EXECUTIVE MEMBERS of both the TT Pro League and Super League are open to merging both divisions of top-flight local football once the sport returns to normalcy after the ongoing global covid19 pandemic.
The possible partnership between the pair will see the Pro League serve as the highest ranked league in local professional football while the Super League stands to become the Second Division.
Last year, there were plans to stage an inaugural T-League – a combination of both Pro League and Super League. However, those plans were stalled due to differences of opinions between both parties.
This idea of a two-tier competition was also pitched to Super League clubs in August 2019 via a media release from Pro League chief executive officer Julia Baptiste ahead of the 2019-2020 season. One month later, this initiative was frowned upon by Super League clubs and its administration, who wrote the TT Football Association (TTFA) via its secretary Peter Thomas, rejecting their offer of a possible merger claiming it “unethical, political and short-sighted.”
However, since the December 2019 TTFA election, the Super League has reneged on its decision and is now intent on facilitating the joining of both local competitions.
In separate interviews with acting Pro League chairman, Brent Sancho and Super League president, Keith Look Loy on Friday, the pair agreed there is a possibility the merger can still be implemented post-covid19.
The local football season usually gets underway during late August and early September.
“It (merger) is very much an option. It’s something that we are talking about within the league. All sides had agreed to it and we were still in the talking processes of it and then (the TTFA) election came. We hope we can go back to the drawing board with this idea. It would be the sensible thing to do as it relates to football. Looking at the two-tier system, conversations should be held, I believe so. It’s been agreed upon by all parties to get it that way.”
In response to a question posed to Look Loy via WhatsApp on why the sudden change of heart, the Super League president revealed his board had now thrown its support behind this developmental initiative. He, however, claims it was the Pro League who may have had issues with the merger back in mid-2019.
“(I have) no comment on that. We don't know what the post-covid19 world and football will look like. Who says Super League opposed to anything? The last position advanced by the (William) Wallace administration was to form a two-tiered league. Super League agreed. Pro League apparently had problems,” he said.
Sancho though confirmed the agreement of all involved parties and welcomed the ushering in of a new frontier for domestic football. The TTFA board member believes the two-tier system, which will see bottom-ranked teams relegated from Pro League to the Super League and top-ranked Super League teams advance to the top-flight, will create a more modernised and attractive structure for TT football.

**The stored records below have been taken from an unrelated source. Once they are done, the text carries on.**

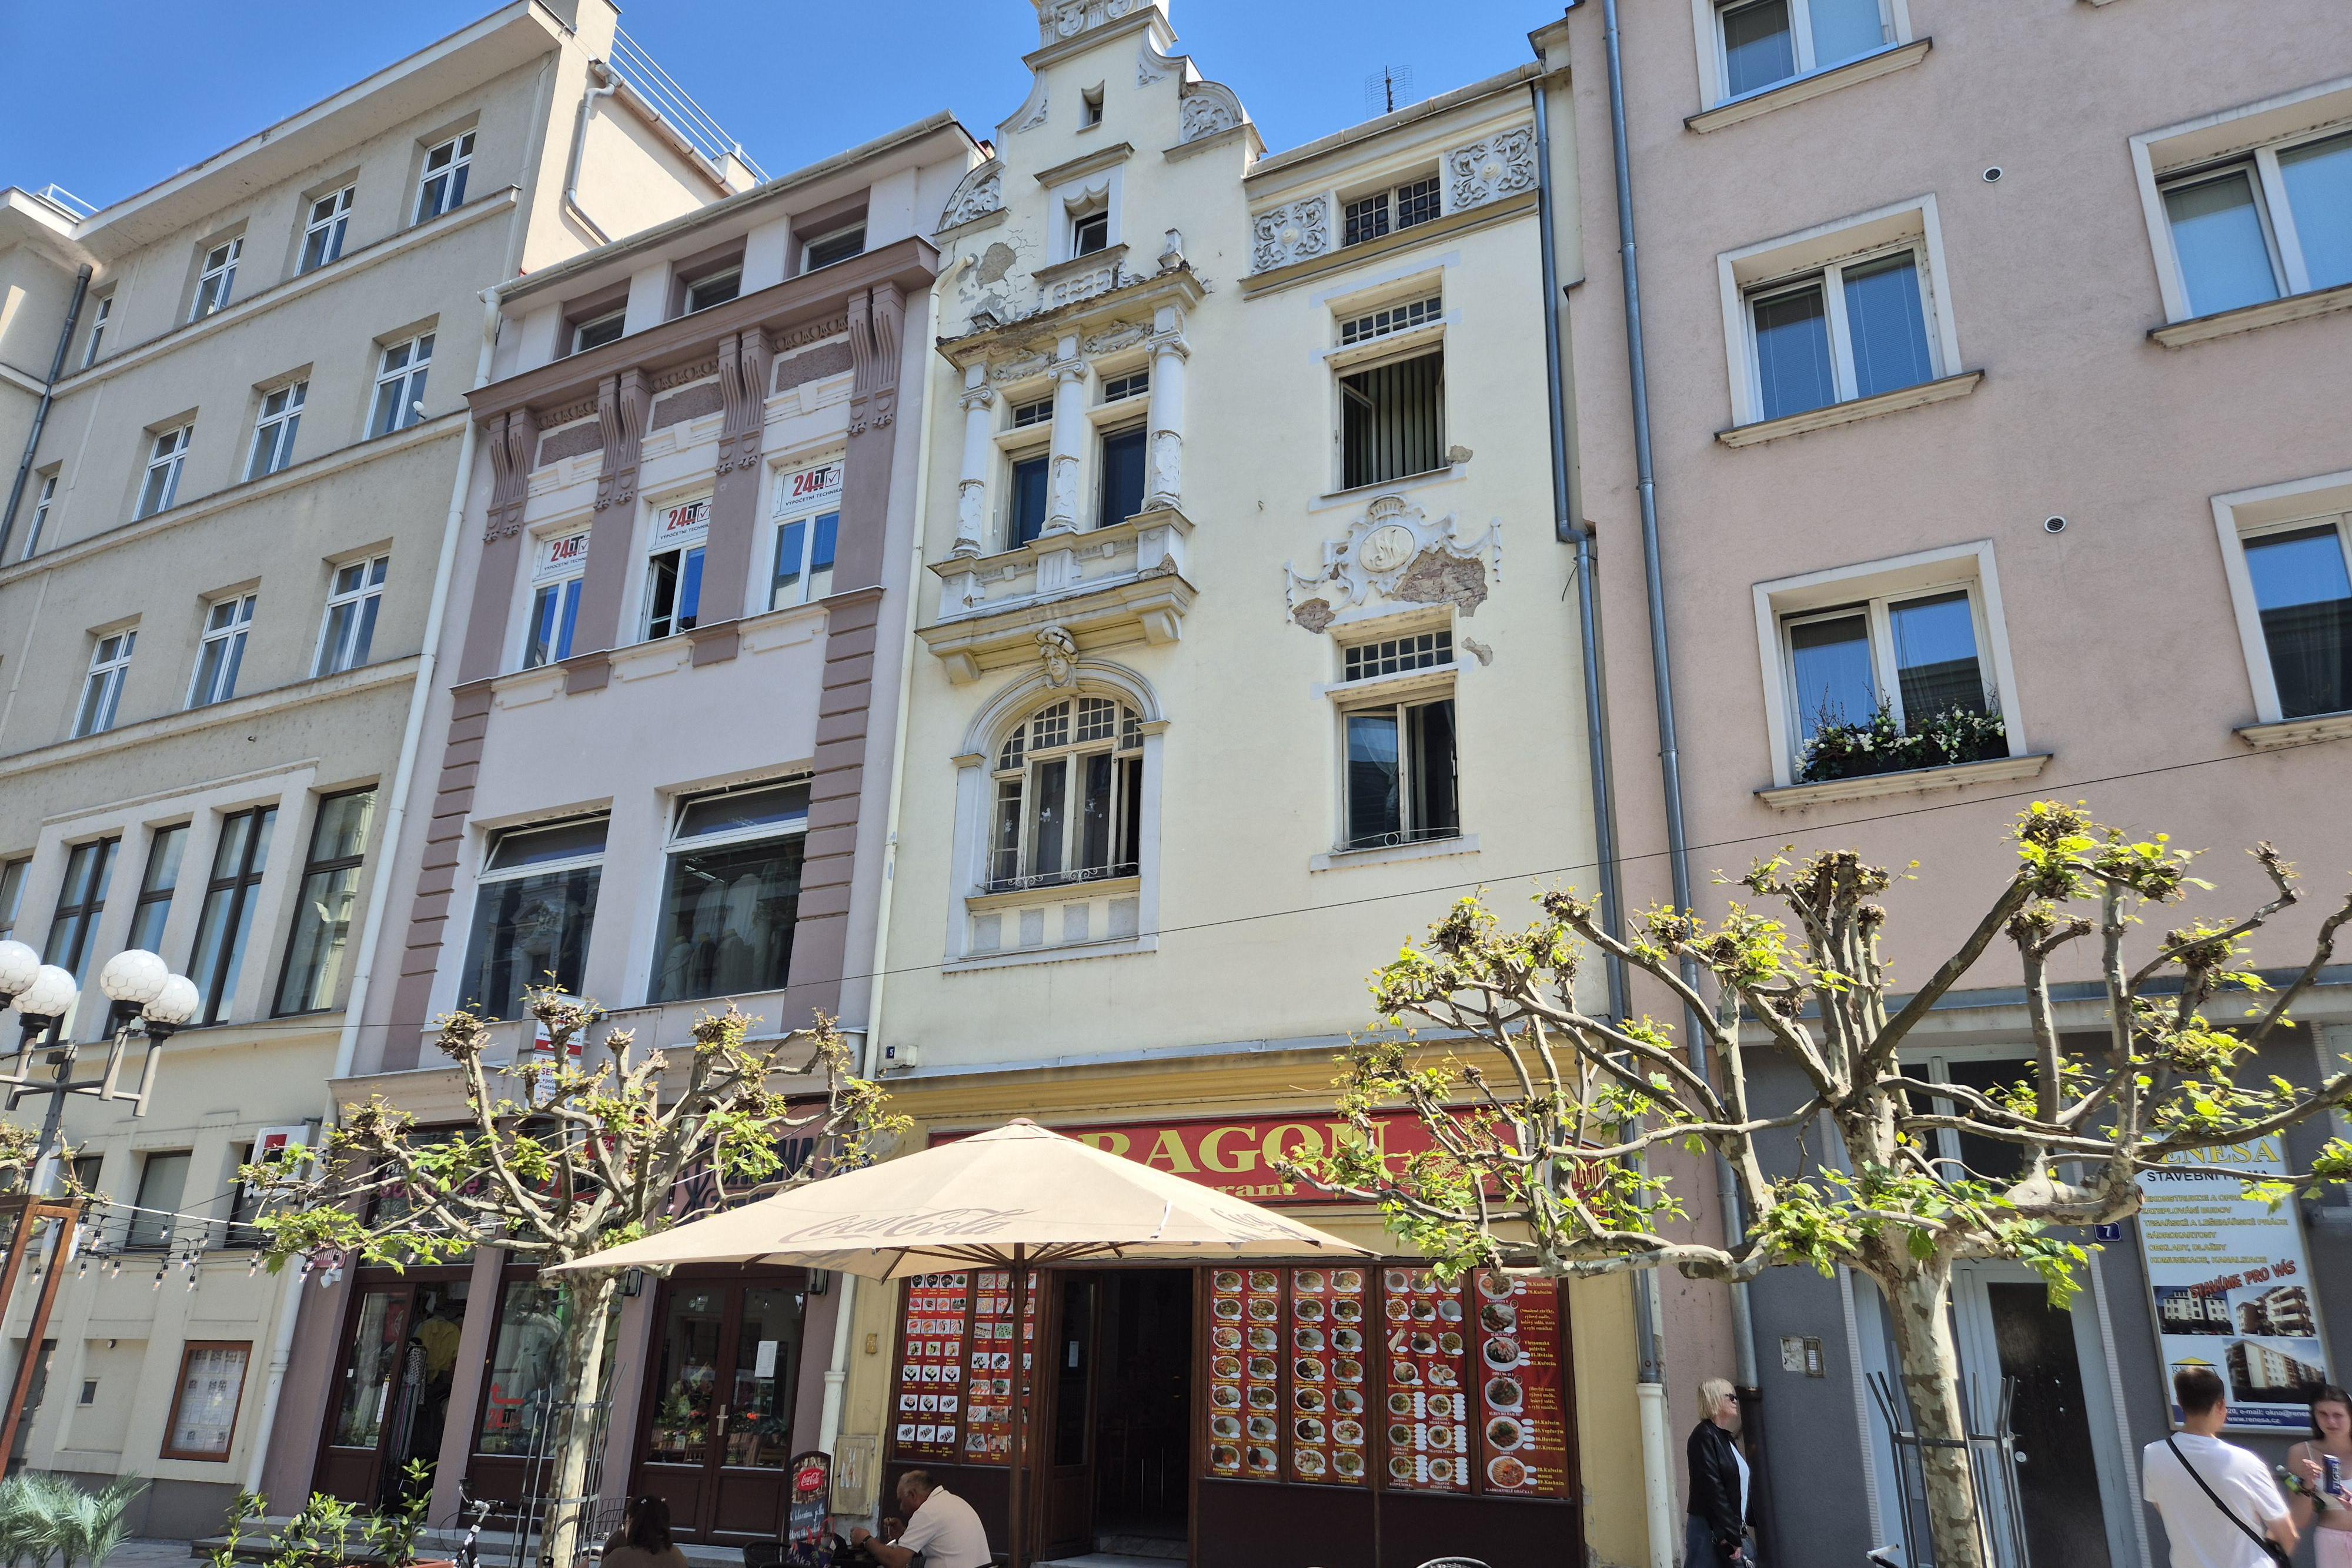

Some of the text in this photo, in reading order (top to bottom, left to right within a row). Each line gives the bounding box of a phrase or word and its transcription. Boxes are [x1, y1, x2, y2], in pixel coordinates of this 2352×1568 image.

[816, 487, 843, 498] TECHNIKA
[689, 523, 709, 532] TECHNIK
[1077, 1121, 1391, 1173] RAGON
[2159, 1139, 2281, 1164] ENESA
[778, 1208, 1040, 1243] Coca-Cola
[2257, 1218, 2288, 1226] PRÁCE
[2103, 1226, 2111, 1237] 7
[2192, 1242, 2226, 1251] DLAŽBY
[2190, 1259, 2296, 1299] STAVÍME PRO VÁS
[2265, 1409, 2310, 1417] okna@renes
[801, 1472, 820, 1487] Coca-Cola

“I’m certain (a merger) would serve football better, the two-tier system. We have to move to merge for a more professional environment, to create genuine structure in football. All stakeholders have to come hands on deck to make sure we put out football back in the position we used to be in,” Sancho explained.
The 2006 TT World Cup representative remains optimistic the government’s coronavirus restrictions would soon be lifted to aid the speedy resumption of both youth, women and professional football on the local circuit.

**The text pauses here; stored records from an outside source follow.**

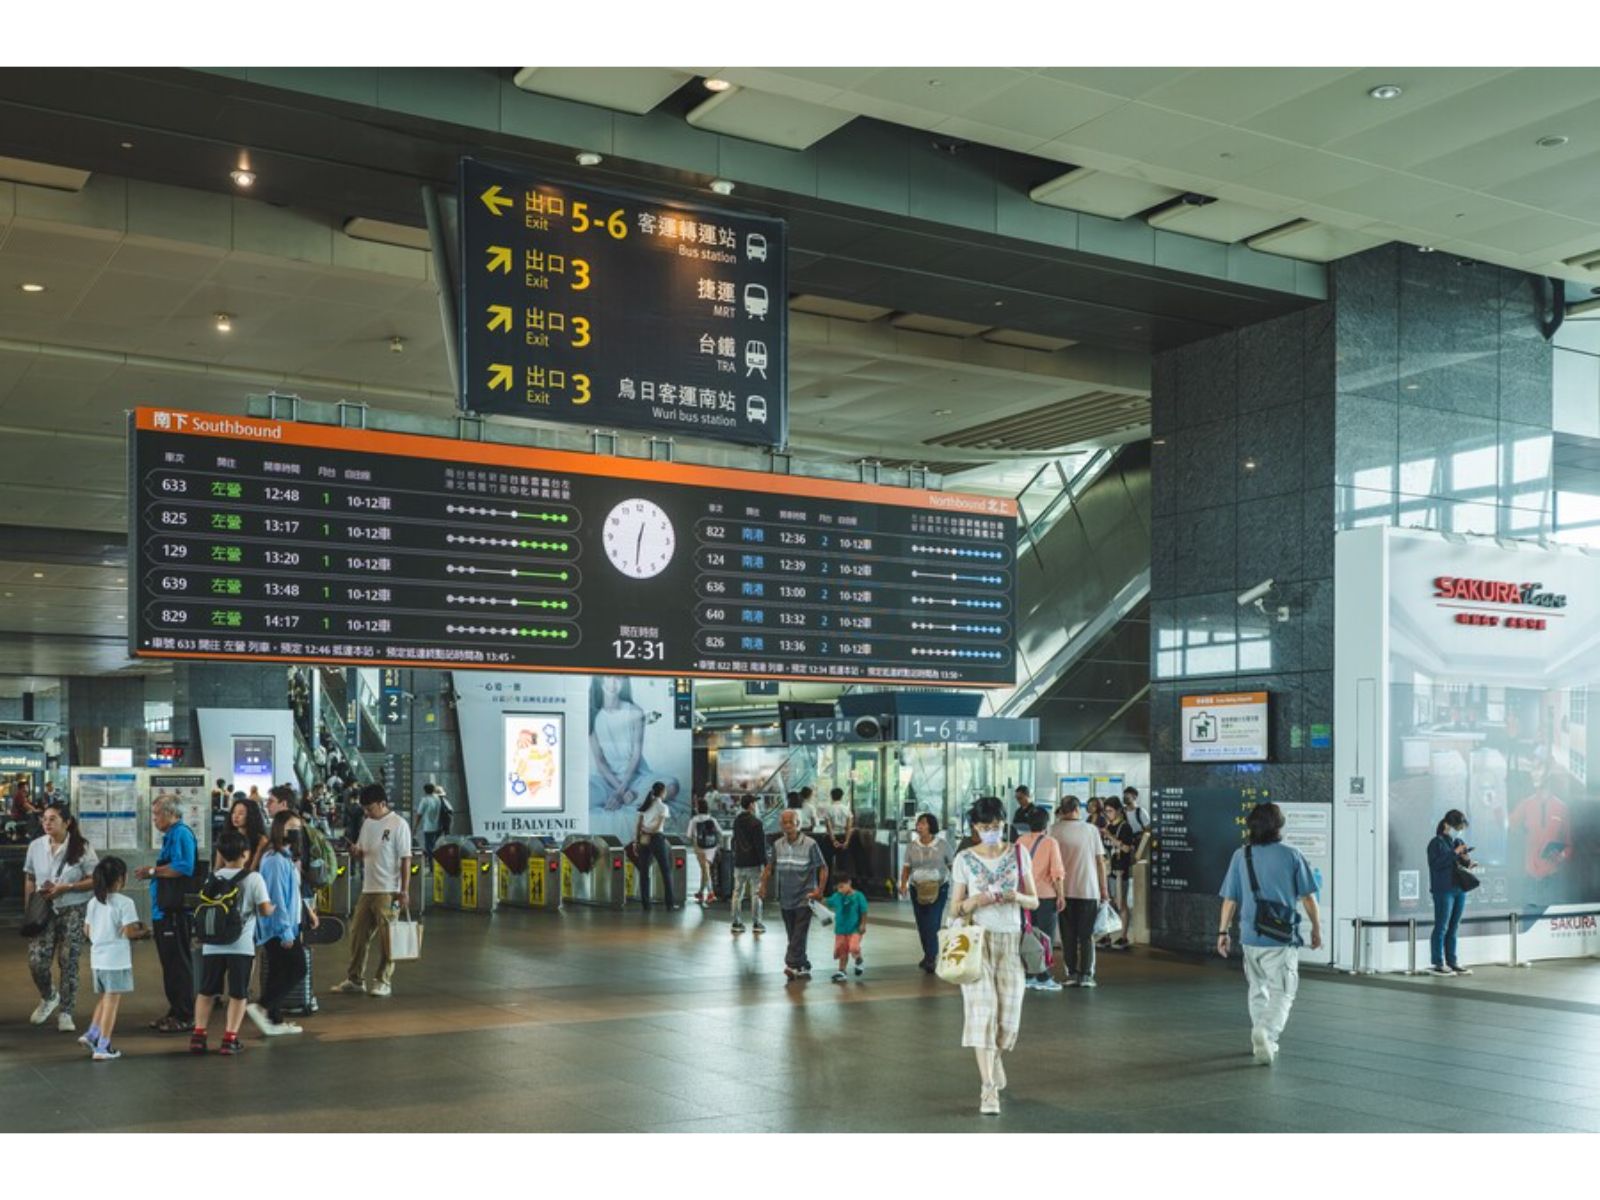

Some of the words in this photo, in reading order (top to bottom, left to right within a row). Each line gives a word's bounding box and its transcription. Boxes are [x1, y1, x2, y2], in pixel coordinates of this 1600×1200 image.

[526, 191, 565, 216] 出口
[572, 202, 627, 239] 5-6
[526, 215, 549, 231] Exit
[637, 211, 737, 249] 客運轉運站
[678, 244, 700, 259] Bus
[701, 247, 738, 265] station
[525, 249, 565, 275] 出口
[571, 260, 590, 290] 3
[526, 274, 549, 289] Exit
[697, 277, 735, 303] 捷運
[713, 305, 735, 317] MRT
[526, 307, 565, 333] 出口
[572, 317, 590, 347] 3
[525, 331, 549, 347] Exit
[700, 333, 736, 358] 台鐵
[716, 360, 736, 372] TRA
[526, 365, 565, 389] 出口
[572, 374, 591, 404] 3
[527, 390, 550, 404] Exit
[154, 411, 189, 429] 南下
[192, 417, 283, 440] Southbound
[679, 410, 699, 422] bus
[701, 414, 736, 427] station
[162, 479, 187, 492] 633
[265, 488, 299, 501] 12:48
[323, 493, 329, 504] 1
[162, 511, 187, 524] 825
[265, 520, 299, 533] 13:17
[323, 524, 329, 535] 1
[706, 526, 724, 538] 822
[780, 532, 806, 544] 12:36
[822, 536, 828, 546] 2
[163, 544, 187, 557] 129
[265, 552, 299, 565] 13:20
[323, 555, 329, 566] 1
[707, 554, 724, 565] 124
[780, 559, 806, 571] 12:39
[822, 562, 828, 573] 2
[162, 577, 187, 590] 639
[265, 583, 299, 596] 13:48
[323, 587, 329, 598] 1
[706, 581, 725, 592] 636
[780, 586, 806, 597] 13:00
[821, 589, 828, 600] 2
[1433, 577, 1523, 604] SAKURA
[162, 610, 187, 622] 829
[265, 615, 299, 627] 14:17
[323, 618, 329, 629] 1
[706, 609, 724, 620] 640
[780, 613, 805, 625] 13:32
[821, 616, 827, 626] 2
[613, 640, 664, 660] 12:31
[706, 637, 725, 647] 826
[780, 640, 806, 651] 13:36
[821, 642, 828, 653] 2
[389, 694, 398, 707] 2
[810, 722, 833, 740] 1-6
[913, 719, 950, 739] 1-6
[484, 821, 509, 831] THE
[1550, 914, 1598, 931] SAKURA

While Sancho admitted the current pandemic is stifling corporate entities from investing in sport generally, he still called on stakeholders to rally behind the nation’s troops and pledge support to football development when things return to normalcy.
“Once we have a successful structure in football we would do well. We need to get that structure back going and we have to start putting TT first, that’s the bottom line. It’s imperative that we bounce back from this downtime as soon as we can,” he added.
Sancho concluded, “Particularly with sports, we need to put all hands on deck and everyone on board, because we know there will be difficult times, post covid19. This is a situation to not cut back, but to find resources to make sure we can move forward.”